Pickled, Potted, and Canned: How the Art and Science of Food Preserving Changed the World
by Sue Shephard
From the primitive techniques of drying and salting to the latest methods that have allowed us to feed men in space, Pickled, Potted, and Canned gives us insight into the histories, cultures, and ingenuity of people inventing new ways to "cheat the seasons."
The Spice Routes: Chronicles and Recipes from Around the World
by Chris Caldicott, Carolyn Caldicott
The Caldicotts recount how they followed the trails of the early spice merchants through the eastern Mediterranean, the Indian subcontinent, Asia, the Americas, Africa, and the Spice Islands of the Indian Ocean. The authors explain how indigenous spices were traded and how foreign spices arrived. They explore the effect spices have had on local cuisines, supplying the recipes for the dishes they discovered on their journeys.
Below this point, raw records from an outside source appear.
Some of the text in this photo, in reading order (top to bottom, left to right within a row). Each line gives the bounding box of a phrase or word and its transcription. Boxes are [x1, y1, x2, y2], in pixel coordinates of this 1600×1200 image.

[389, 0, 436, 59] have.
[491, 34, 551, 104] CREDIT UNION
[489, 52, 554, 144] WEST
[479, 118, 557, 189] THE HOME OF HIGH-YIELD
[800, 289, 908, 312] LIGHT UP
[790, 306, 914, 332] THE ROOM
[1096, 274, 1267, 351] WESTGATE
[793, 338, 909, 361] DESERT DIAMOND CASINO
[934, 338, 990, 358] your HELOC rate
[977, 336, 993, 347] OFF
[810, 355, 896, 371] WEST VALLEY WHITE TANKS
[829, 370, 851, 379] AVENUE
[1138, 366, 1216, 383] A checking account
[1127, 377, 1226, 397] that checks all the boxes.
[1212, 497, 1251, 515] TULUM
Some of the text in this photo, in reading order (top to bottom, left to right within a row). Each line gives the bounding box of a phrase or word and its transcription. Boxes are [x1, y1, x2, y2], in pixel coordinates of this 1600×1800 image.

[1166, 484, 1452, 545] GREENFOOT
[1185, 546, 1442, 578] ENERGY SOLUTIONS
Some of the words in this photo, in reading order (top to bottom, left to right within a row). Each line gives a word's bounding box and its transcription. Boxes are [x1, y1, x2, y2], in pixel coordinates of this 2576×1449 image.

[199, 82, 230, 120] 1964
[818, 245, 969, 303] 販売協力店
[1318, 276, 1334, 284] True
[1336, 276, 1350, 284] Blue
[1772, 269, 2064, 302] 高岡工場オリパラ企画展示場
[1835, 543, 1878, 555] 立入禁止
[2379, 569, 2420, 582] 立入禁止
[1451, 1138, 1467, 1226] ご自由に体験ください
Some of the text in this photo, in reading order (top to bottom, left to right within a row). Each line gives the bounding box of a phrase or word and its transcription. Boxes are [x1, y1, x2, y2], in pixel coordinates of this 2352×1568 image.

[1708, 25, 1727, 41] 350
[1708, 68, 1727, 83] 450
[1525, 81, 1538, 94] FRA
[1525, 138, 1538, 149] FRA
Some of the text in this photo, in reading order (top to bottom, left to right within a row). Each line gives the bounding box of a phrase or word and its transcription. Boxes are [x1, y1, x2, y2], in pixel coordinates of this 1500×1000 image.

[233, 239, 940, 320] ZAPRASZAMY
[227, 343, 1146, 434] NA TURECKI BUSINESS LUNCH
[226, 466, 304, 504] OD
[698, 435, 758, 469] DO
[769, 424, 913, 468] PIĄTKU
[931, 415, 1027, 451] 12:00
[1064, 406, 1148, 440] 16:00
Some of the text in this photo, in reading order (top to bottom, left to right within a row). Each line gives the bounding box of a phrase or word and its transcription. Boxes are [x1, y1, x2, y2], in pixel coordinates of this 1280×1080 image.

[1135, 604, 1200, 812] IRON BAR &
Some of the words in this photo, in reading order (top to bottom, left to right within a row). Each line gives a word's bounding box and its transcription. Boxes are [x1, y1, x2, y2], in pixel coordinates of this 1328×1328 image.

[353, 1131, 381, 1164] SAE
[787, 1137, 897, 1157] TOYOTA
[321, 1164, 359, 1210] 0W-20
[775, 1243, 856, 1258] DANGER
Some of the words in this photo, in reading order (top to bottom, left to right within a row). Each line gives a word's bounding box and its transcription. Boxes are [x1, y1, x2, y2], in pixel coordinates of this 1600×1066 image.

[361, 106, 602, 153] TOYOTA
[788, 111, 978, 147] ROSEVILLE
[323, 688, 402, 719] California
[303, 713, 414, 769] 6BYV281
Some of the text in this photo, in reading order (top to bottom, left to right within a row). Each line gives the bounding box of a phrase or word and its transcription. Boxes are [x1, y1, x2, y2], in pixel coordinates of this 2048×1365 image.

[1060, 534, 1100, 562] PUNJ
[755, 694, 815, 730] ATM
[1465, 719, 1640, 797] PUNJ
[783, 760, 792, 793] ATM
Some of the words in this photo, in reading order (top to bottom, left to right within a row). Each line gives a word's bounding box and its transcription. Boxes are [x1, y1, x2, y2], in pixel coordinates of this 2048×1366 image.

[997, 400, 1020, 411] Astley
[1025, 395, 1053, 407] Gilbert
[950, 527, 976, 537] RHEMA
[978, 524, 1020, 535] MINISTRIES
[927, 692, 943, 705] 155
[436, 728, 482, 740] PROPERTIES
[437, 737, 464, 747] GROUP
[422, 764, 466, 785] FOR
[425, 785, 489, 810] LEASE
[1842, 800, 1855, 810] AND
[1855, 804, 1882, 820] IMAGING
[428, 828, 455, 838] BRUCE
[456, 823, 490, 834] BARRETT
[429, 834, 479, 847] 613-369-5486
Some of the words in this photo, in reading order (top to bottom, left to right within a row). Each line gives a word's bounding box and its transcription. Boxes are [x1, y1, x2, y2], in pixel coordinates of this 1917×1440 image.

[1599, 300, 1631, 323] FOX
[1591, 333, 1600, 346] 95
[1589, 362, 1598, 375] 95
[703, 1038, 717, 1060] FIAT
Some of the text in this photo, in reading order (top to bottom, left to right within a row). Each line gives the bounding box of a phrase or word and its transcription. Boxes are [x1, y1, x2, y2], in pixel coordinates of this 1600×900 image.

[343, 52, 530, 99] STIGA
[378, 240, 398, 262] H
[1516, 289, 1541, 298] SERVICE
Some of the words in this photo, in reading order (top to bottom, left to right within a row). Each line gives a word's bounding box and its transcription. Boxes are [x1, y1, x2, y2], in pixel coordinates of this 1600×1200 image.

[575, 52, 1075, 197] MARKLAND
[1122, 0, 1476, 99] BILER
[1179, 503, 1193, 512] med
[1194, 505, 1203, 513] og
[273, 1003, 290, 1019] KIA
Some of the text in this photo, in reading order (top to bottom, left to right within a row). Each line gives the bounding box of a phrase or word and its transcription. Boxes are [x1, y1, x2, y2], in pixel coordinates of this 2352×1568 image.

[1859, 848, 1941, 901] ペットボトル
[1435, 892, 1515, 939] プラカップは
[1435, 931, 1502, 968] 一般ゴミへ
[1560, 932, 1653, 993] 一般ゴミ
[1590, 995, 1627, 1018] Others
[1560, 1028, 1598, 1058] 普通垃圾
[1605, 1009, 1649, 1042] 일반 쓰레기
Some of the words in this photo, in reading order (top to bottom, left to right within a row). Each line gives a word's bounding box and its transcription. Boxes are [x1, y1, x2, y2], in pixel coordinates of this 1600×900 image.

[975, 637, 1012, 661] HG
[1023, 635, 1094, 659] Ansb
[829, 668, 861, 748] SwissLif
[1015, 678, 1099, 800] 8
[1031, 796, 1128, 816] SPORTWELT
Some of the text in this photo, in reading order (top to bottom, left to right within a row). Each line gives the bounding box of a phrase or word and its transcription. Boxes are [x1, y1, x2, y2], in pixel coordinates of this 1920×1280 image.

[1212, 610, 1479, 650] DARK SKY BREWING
The Village Baker: Classic Regional Breads, from Europe and America
by Joe Ortiz
Ortiz's "village bakers" work on a small scale, treating bread making as a craft rather than as mass production. These bakers can be found all over the world, in tiny European towns and in large cities in America, baking bread for their communities. The author is himself one of these dedicated individuals, with a bakery near Santa Cruz, California, and has refined his experience by working with professional bakers abroad. Ortiz's book offers the home cook a thorough course on bread making, with lengthy discussions of ingredients and techniques, followed by recipes for authentic regional breads of France, Italy, and Germany, as well as American ''village breads.''
What Einstein Told His Cook: Kitchen Science Explained
by Robert L. Wolke
Why do some recipes use unsalted butter…and salt? How is sugar made? Should cooks avoid aluminum pans? Interspersed throughout Wolke's accessible and humorous answers to these and other mysteries are recipes demonstrating scientific principles. Recipes include "Black Raspberry Coffee Cake," demonstrates how metrics work in recipes, and "Bob's Mahogany Game Hens,: which shows what brining can do. Wolke is good at demystifying advertisers' half-truths, showing, for example, that sea salt is not necessarily better than regular salt for those watching sodium intake.